2. The method according to claim 1, wherein the step of determining the CIM macro arrangement according to the number of the CIM macros, the dimensions of each of the CIM macros, and the number of the input channels and the number of the output channels of the designated convolutional layer of the designated neural network comprises: determining the CIM macro arrangement capable of performing a convolution of a plurality of filters and the input channels according to latency, energy consumption, and utilization.
3. The method according to claim 2, wherein the determined CIM macro arrangement provides a summation of a vertical dimension of the CIM macros adapted for performing the convolution of the filters and the input channels of the designated convolution layer by a minimum number of times for batch loading the input channels.
4. The method according to claim 2, wherein the determined CIM macro arrangement provides a summation of a horizontal dimension of the CIM macros adapted for performing the convolution of the filters and the input channels of the designated convolution layer by a minimum number of times for batch loading the filters.
5. The method according to claim 2, wherein the latency is associated with at least one of a DRAM latency, a latency for loading weights into the CIM macros, and a processing time of the CIM macros, wherein the energy consumption is associated with energy cost for accessing at least one memory including an on-chip SRAM which is in a same chip as the CIM macros and a DRAM outside the chip, and wherein the utilization is a ratio of used part of the CIM macros to all of the CIM macros.

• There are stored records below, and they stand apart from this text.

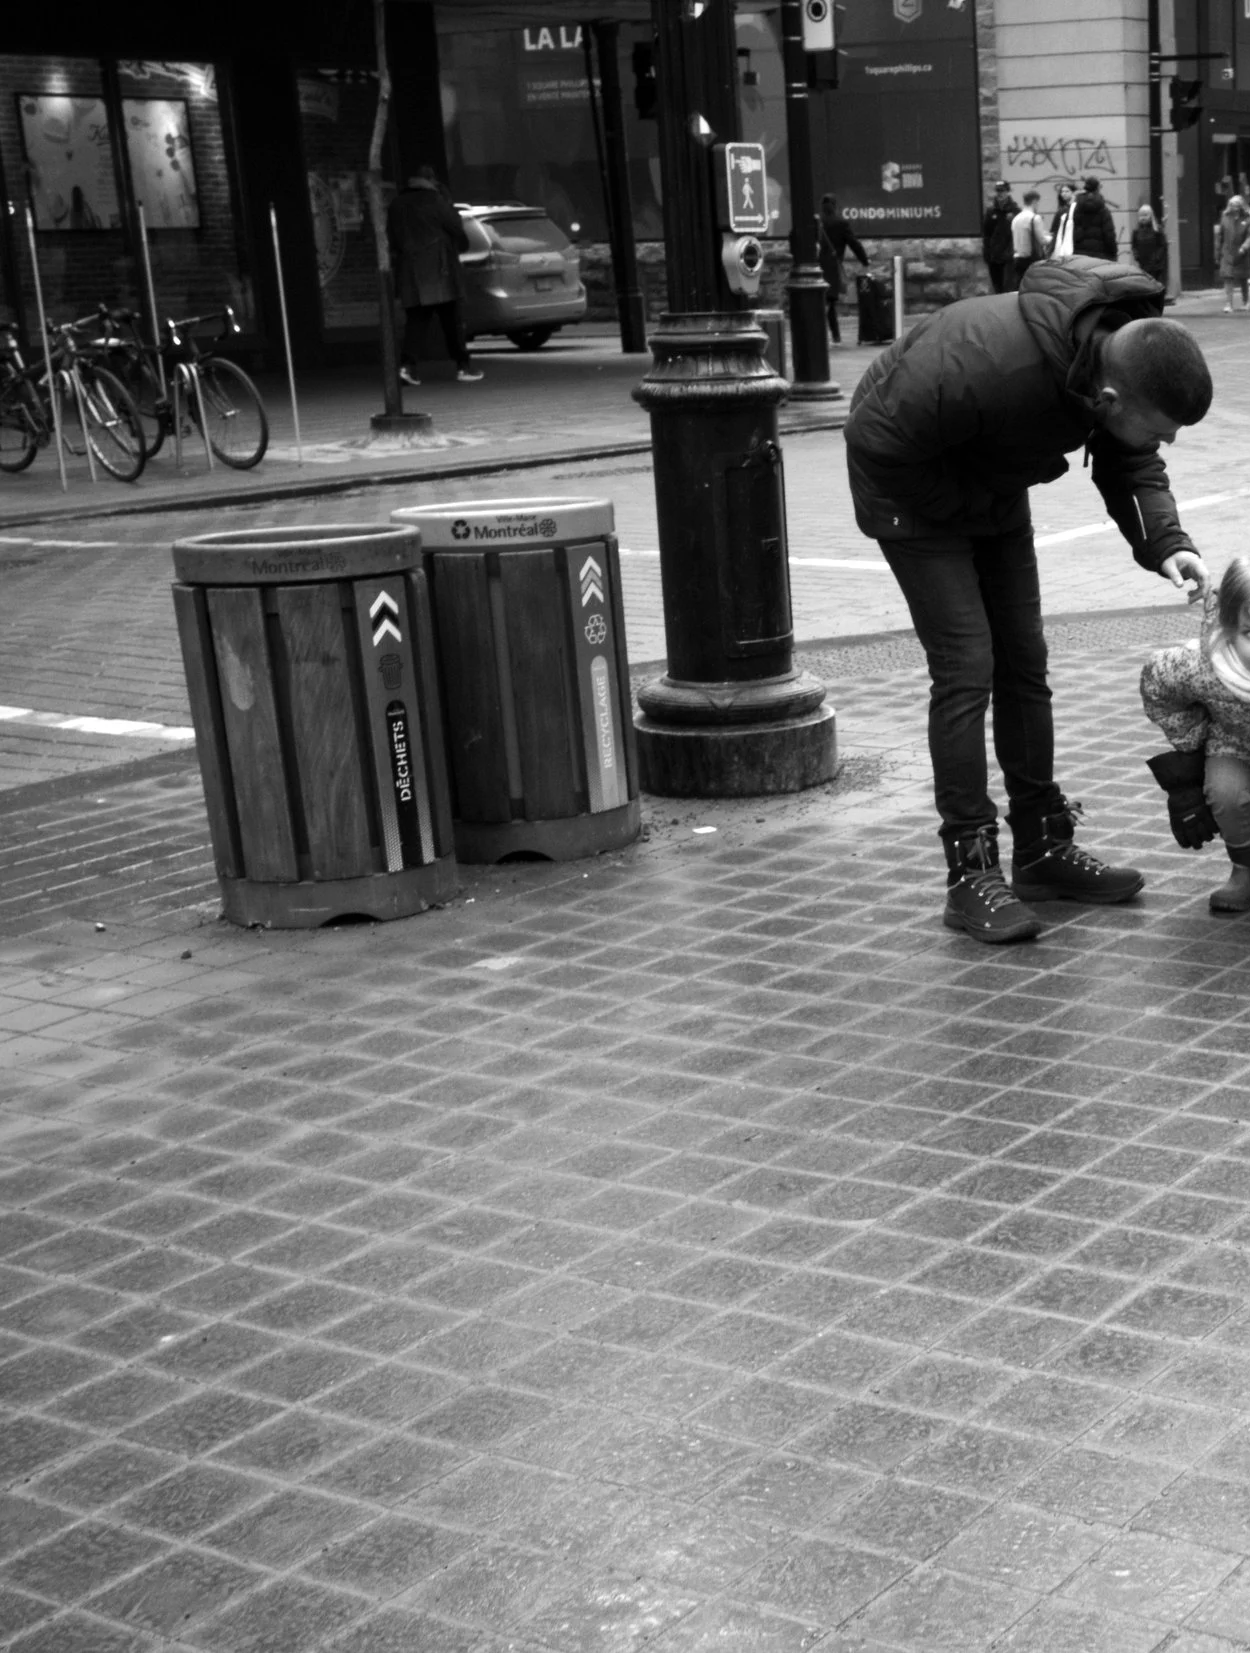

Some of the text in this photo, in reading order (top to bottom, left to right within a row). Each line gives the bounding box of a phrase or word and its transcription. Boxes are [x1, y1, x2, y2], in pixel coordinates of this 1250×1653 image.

[523, 26, 556, 51] LA
[842, 205, 942, 219] CONDOMINIUMS
[474, 522, 539, 540] Montréal
[596, 675, 613, 769] RECYCLAGE
[392, 720, 412, 801] DÉCHETS

6. An electronic apparatus comprising: a plurality of compute-in-memory (CIM) macros, wherein the CIM macros are arranged in a predetermined CIM macro arrangement based on the number of the CIM macros, the dimensions of each of the CIM macros, and the number of a plurality of input channels and the number of a plurality of output channels of a designated convolutional layer of a designated neural network; and a processing circuit, configured to: load weights in the arranged CIM macros; and input a plurality of input channels of one input feature map into the arranged CIM macros with the loaded weights for a convolutional operation to generate an output activation of one of a plurality of output feature maps.
7. The electronic apparatus according to claim 6, wherein the processing circuit loads the weights of a plurality of filters in the arranged CIM macros based on the predetermined CIM macro arrangement, the number of the filters, height and width of each kernel of a plurality of kernels of each of the filters and the number of the kernels in each filter, wherein each of the kernels of each filter is respectively applied to a corresponding one of the input channels of the designated convolutional layer of the designated neural network.

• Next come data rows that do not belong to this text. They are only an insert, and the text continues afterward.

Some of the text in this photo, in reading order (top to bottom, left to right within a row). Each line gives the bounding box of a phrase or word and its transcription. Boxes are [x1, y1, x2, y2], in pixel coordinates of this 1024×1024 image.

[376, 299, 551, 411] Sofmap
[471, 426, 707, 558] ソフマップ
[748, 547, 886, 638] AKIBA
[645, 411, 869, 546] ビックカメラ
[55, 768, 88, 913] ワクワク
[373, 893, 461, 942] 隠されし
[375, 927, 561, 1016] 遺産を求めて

8. The electronic apparatus according to claim 6, wherein the processing circuit loads each of the filters into the arranged CIM macros columnwisely.
9. The electronic apparatus according to claim 6, wherein the processing circuit determines whether to batch loads the weights of the plurality of filters in the arranged CIM macros based on the height and width of each kernel and a summation of a horizontal dimension of the arranged CIM macro.
10. A non-transitory computer readable medium storing a program causing a computer to: obtaining information of the number of a plurality of CIM macros and information of a dimension of each of the CIM macros; obtaining information of the number of a plurality of input channels and the number of a plurality of output channels of a designated convolutional layer of a designated neural network; and determining a CIM macro arrangement for arranging the CIM macros according to the number of the CIM macros, the dimension of each of the CIM macros, the number of the input channels and the number of the output channels of the designated convolutional layer of the designated neural network, for applying convolution operation to the input channels to generate the output channels.
Description
BRIEF DESCRIPTION OF THE DRAWINGS
[0009] The accompanying drawings are included to provide a further understanding of the disclosure, and are incorporated in and constitute a part of this specification. The drawings illustrate embodiments of the disclosure and, together with the description, serve to explain the principles of the disclosure.
[0010]
[0011]
[0012]
[0013]
[0014]
[0015]
[0016]
[0017]
[0018] To make the above features and advantages of the application more comprehensible, several embodiments accompanied with drawings are described in detail as follows.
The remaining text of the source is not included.